In a recent Jefferies report, superb equity strategist Steven DeSanctis breaks down the top holdings in not only all three market capitalization groups — large cap, mid-cap and small cap — but also into core, growth and value categories.

Large-cap core managers like dividends and names with significant overseas exposure. The category is bigger than the index on a weighted basis, but the median is half the size of the benchmark. Here are the top five holdings of these fund managers.

Apple

This technology giant has been hit recently on concerns that the iPhone X is not the huge home run that was expected. Apple Inc. (NASDAQ: AAPL) designs, manufactures and markets consumer electronics and computers, and it has developed its own proprietary iOS and Mac OS X operating systems and related software platform/ecosystem.

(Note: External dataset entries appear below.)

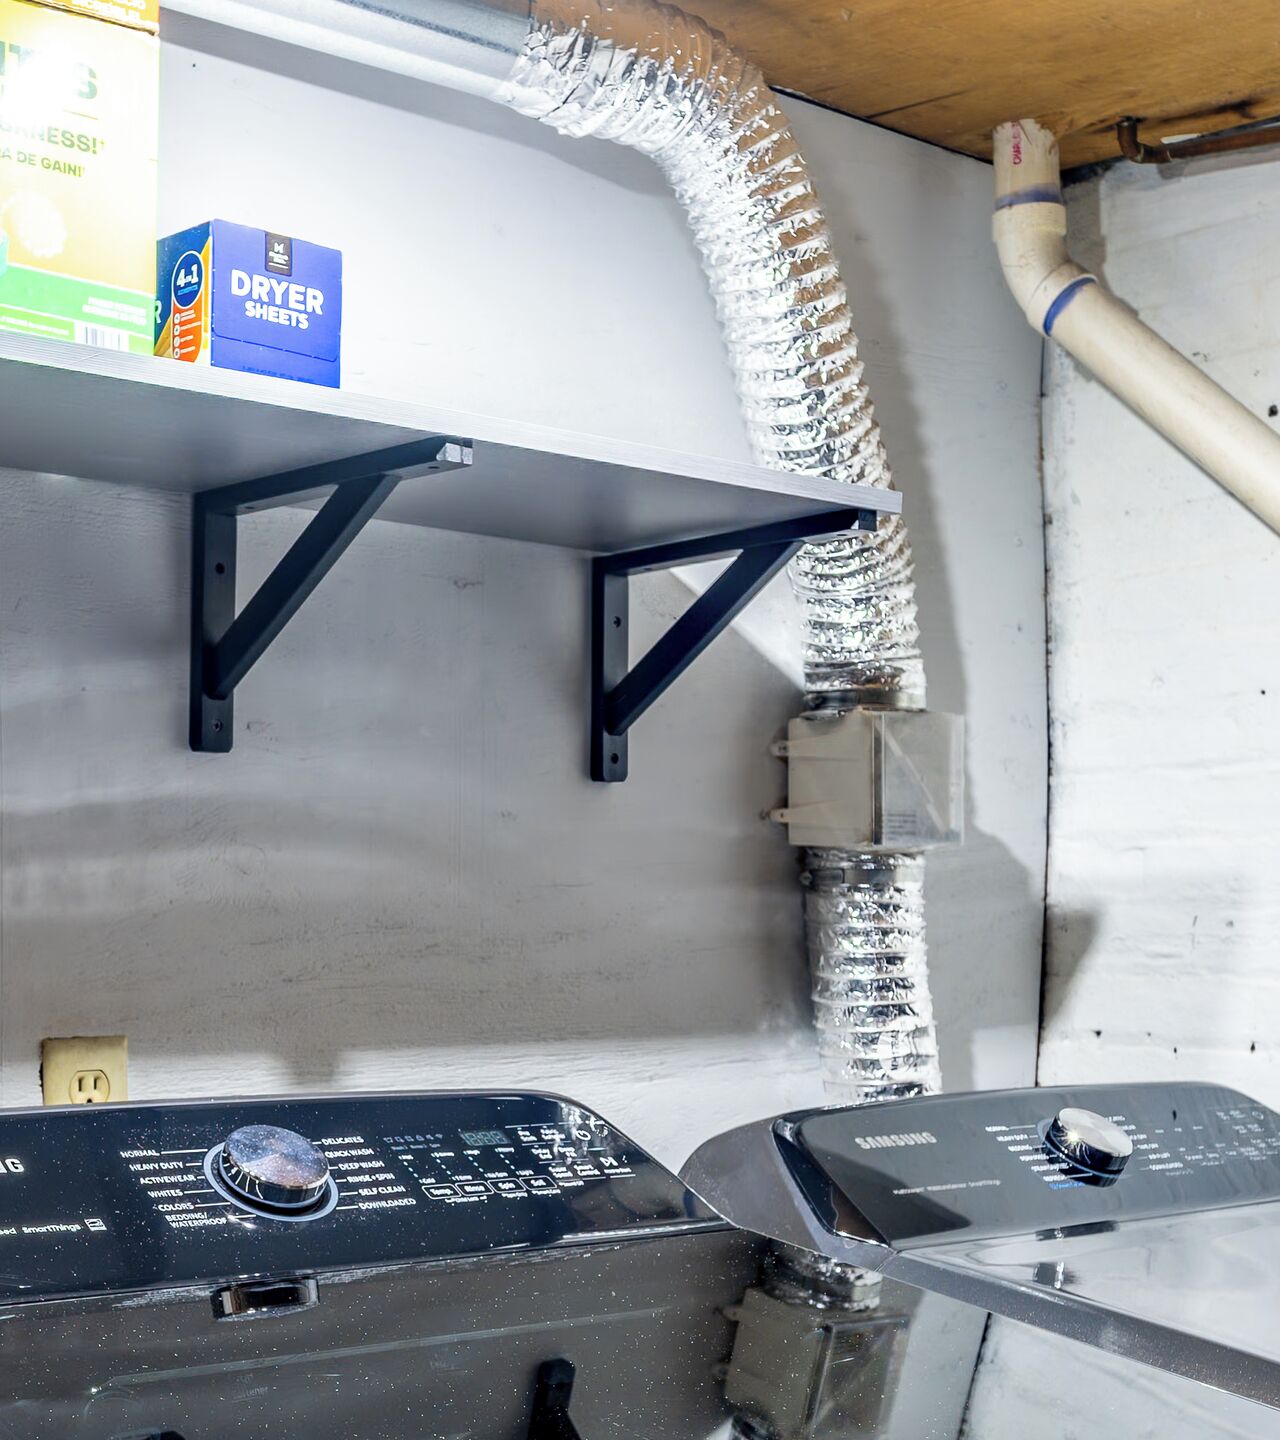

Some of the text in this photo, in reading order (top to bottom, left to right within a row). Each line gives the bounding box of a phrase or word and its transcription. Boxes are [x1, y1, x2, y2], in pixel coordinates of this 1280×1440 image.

[16, 149, 37, 167] DE
[230, 268, 325, 316] DRYER
[244, 300, 310, 330] SHEETS
[321, 1136, 365, 1146] DELICATES
[854, 1131, 938, 1150] SAMSUNG
[120, 1149, 161, 1159] NORMAL
[324, 1148, 375, 1158] QUICK WASH
[128, 1161, 184, 1172] HEAVY DUTY
[338, 1160, 385, 1171] DEEP WASH
[139, 1175, 197, 1185] ACTIVEWEAR
[147, 1189, 184, 1199] WHITES
[358, 1185, 406, 1197] SELF CLEAN
[157, 1202, 195, 1212] COLORS
[358, 1197, 417, 1210] DOWNLOADED
[164, 1212, 208, 1222] BEDDING/
[169, 1217, 227, 1229] WATERPROOF
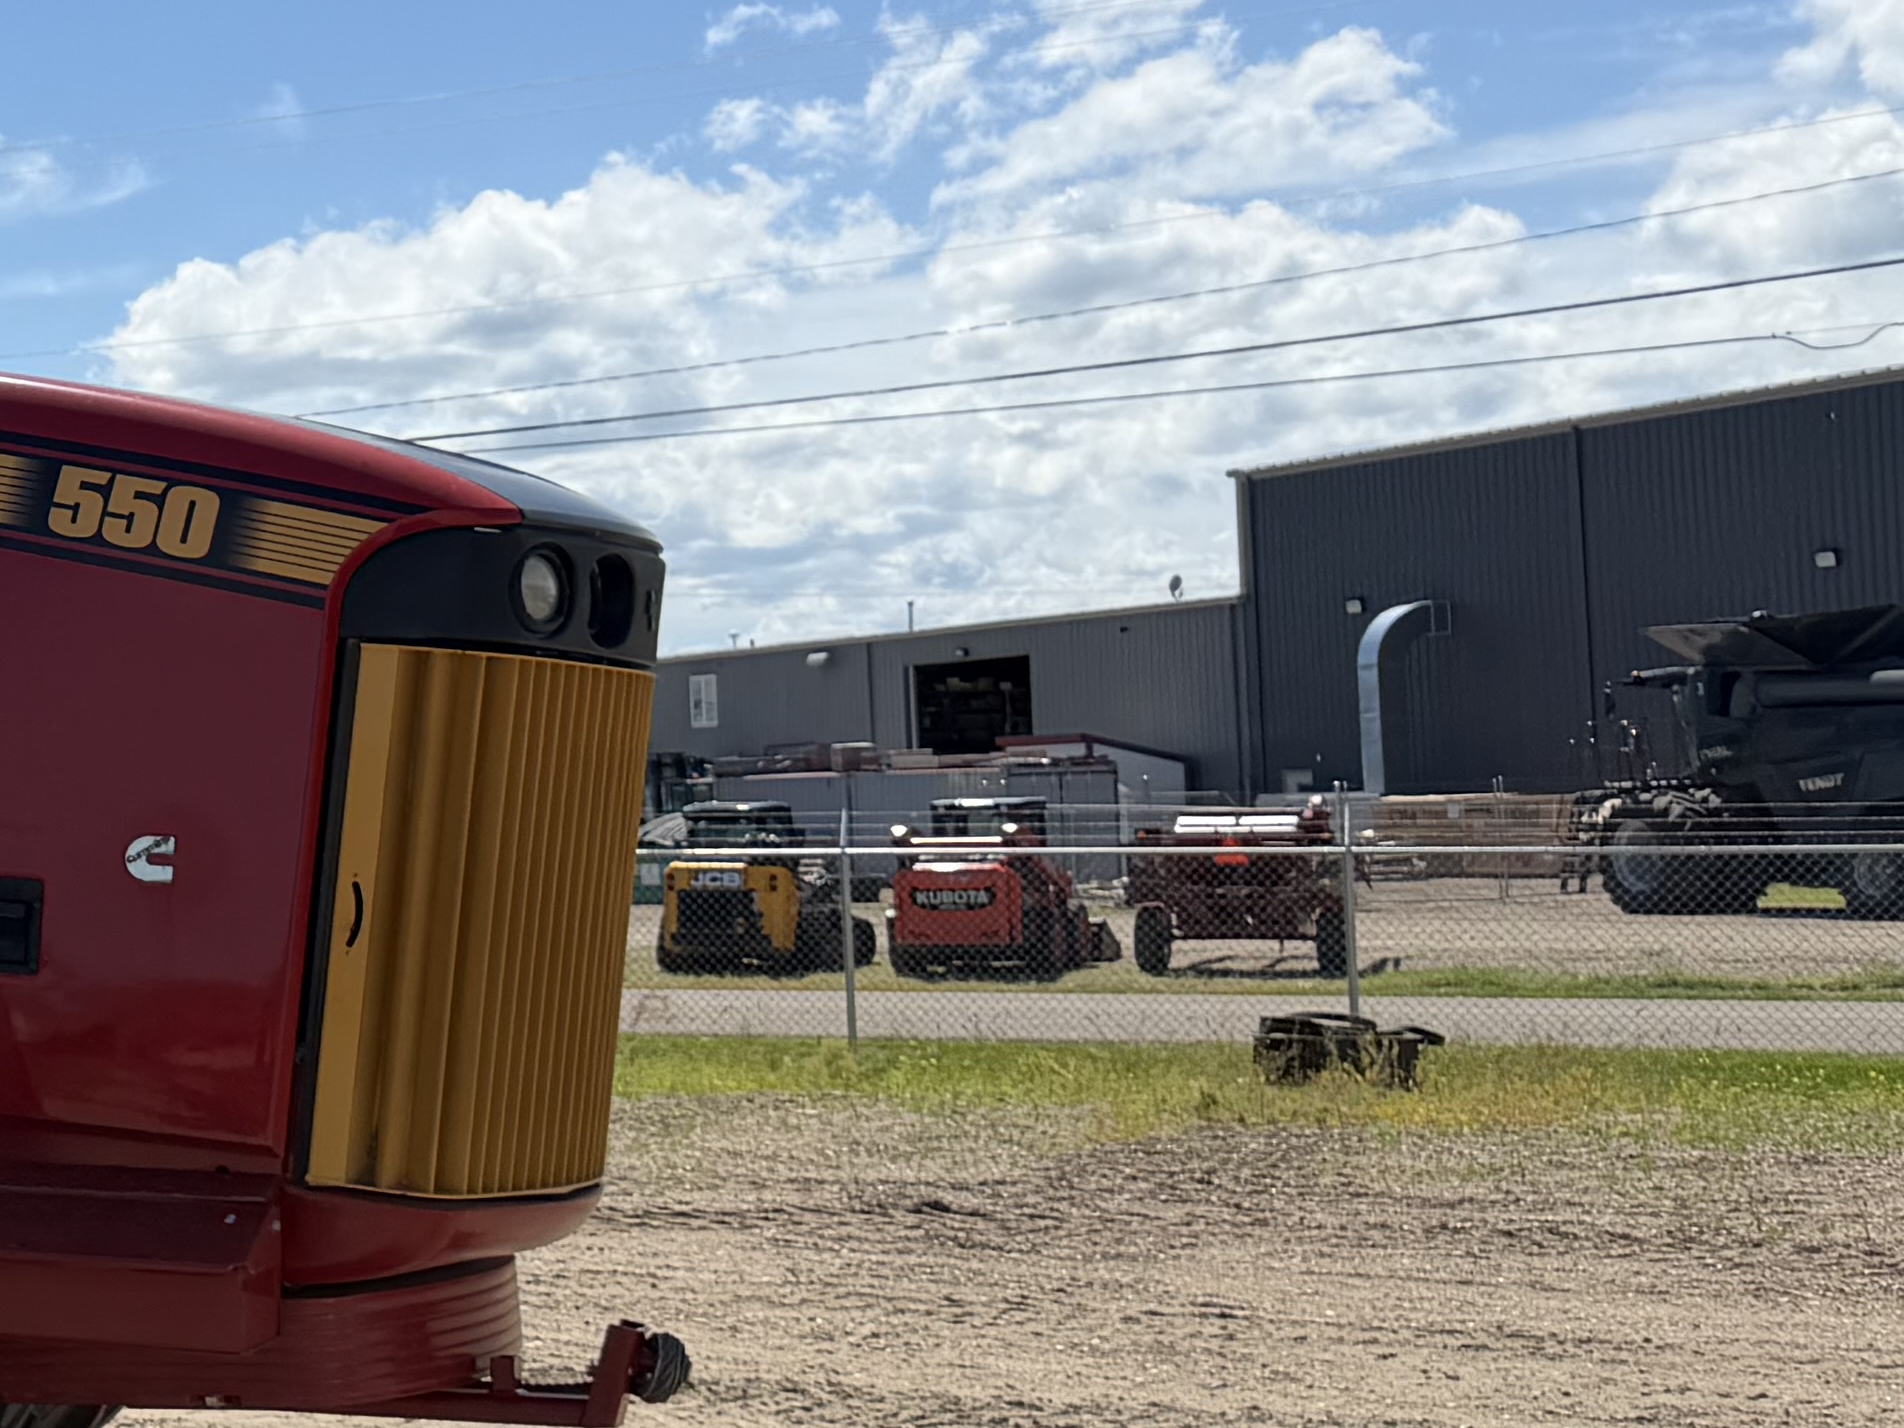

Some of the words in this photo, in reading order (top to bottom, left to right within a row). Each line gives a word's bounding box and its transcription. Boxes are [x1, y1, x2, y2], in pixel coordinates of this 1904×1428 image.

[47, 464, 221, 560] 550
[690, 872, 742, 888] JCB
[914, 889, 990, 905] KUBOTA
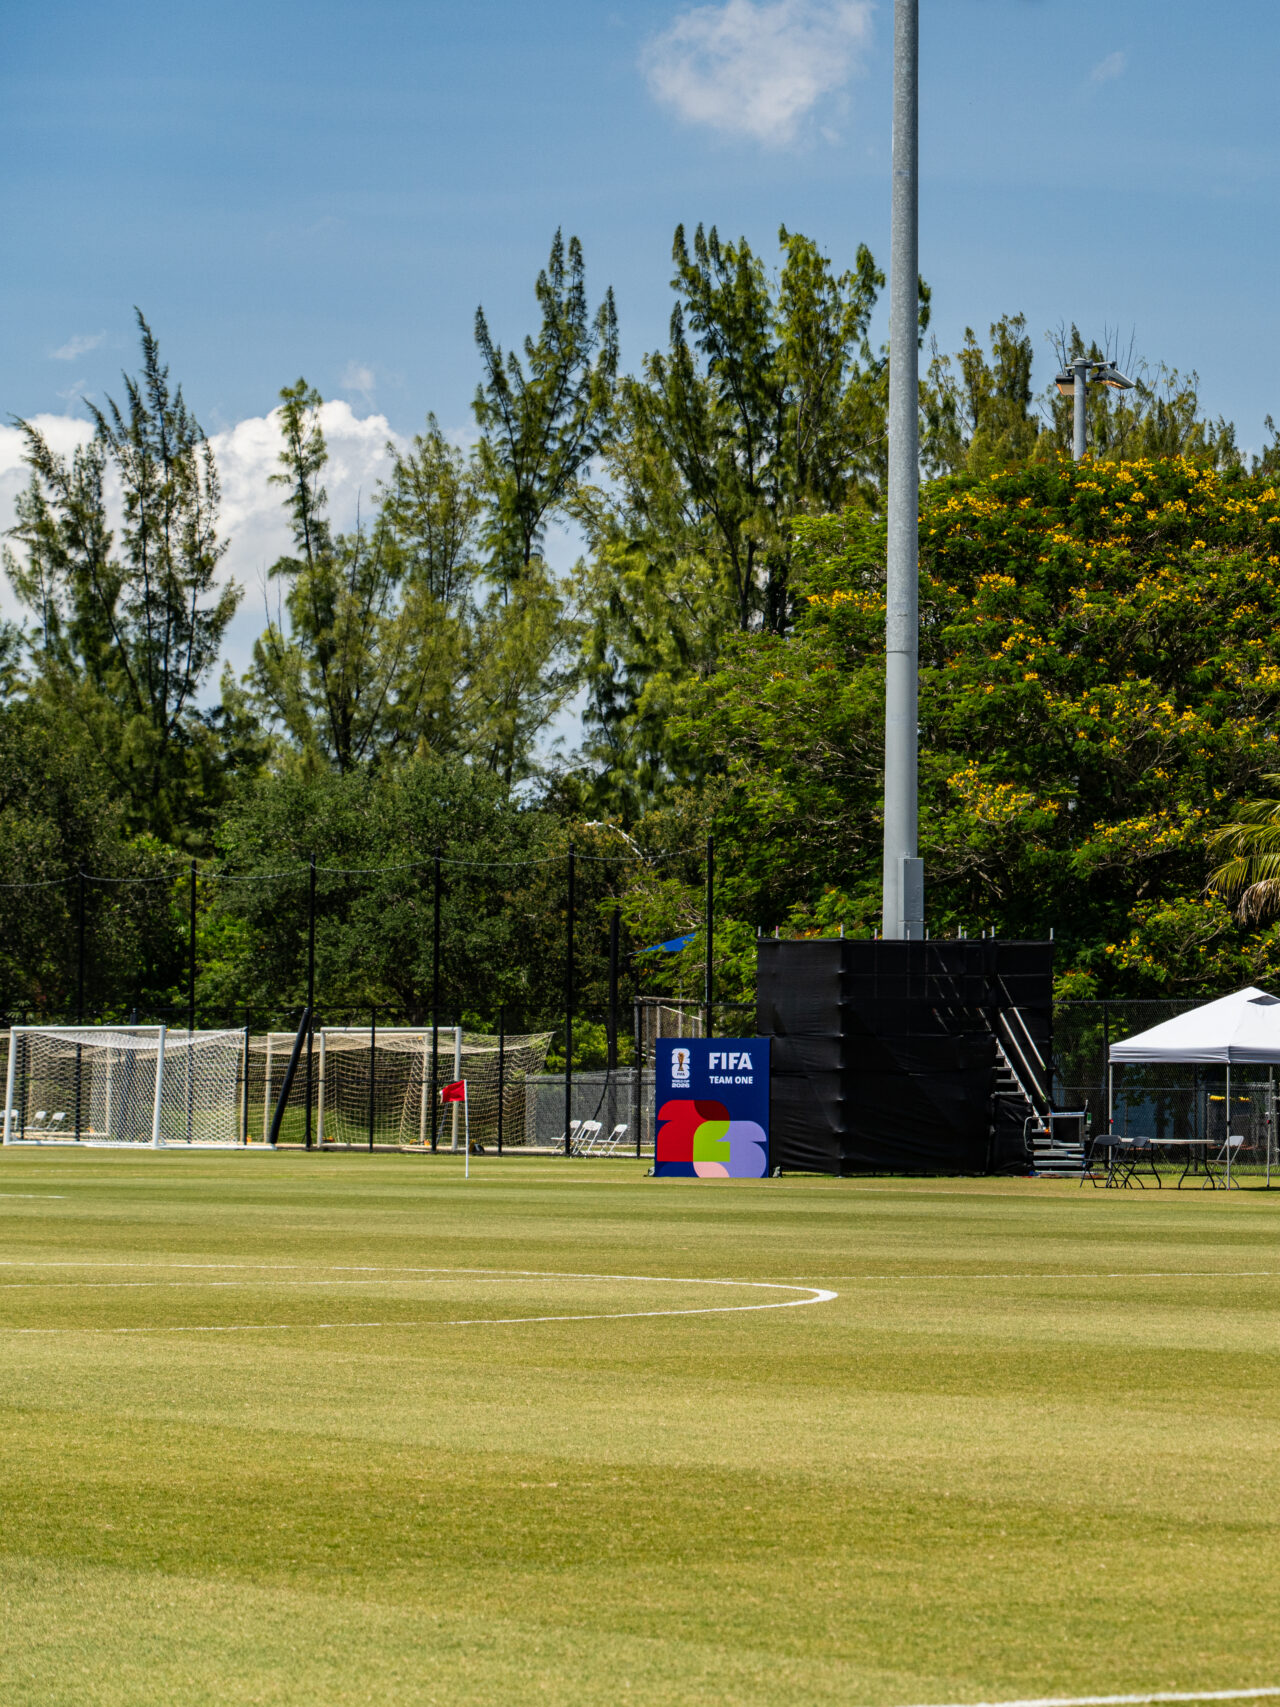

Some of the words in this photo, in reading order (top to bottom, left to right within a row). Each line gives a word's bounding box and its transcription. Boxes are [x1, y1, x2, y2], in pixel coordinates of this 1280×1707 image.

[709, 1052, 753, 1070] FIFA
[709, 1076, 733, 1084] TEAM
[735, 1076, 753, 1084] ONE
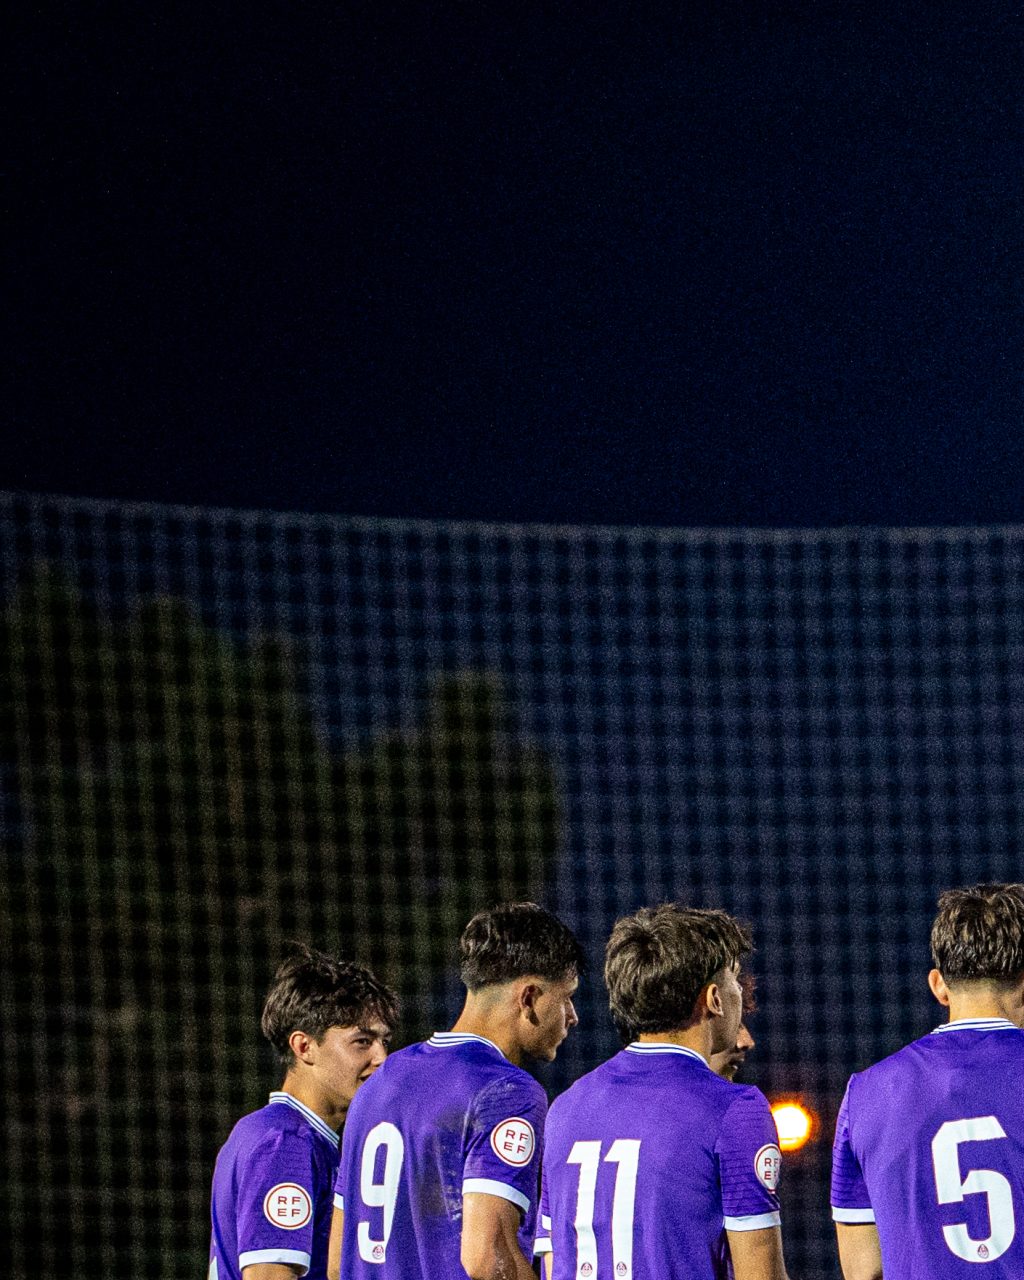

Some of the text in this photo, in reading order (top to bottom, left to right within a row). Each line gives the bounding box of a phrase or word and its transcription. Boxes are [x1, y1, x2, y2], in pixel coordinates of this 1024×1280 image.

[505, 1129, 529, 1141] RF
[503, 1141, 526, 1153] EF
[357, 1121, 404, 1264] 9
[931, 1115, 1016, 1263] 5
[277, 1195, 302, 1205] RF
[277, 1208, 301, 1217] EF

Revenues are principally derived from the iPhone line of smartphones, hardware sales of the Macintosh family of notebook and desktop computers, iPad tablets and iPod portable digital music players. The company also realizes revenue from software, peripherals, digital media and services.

It’s no surprise that this technology giant is in the top slot, as 81.5% of these managers own the stock. One of those managers is the legendary Warren Buffett, who owns a reported, and stunning, 165 million shares.

Apple shareholders are paid a 1.53% dividend. The consensus price target across Wall Street is $193.02. The stock traded early Thursday at $164.05. The 52-week trading range is $141.16 to $183.50.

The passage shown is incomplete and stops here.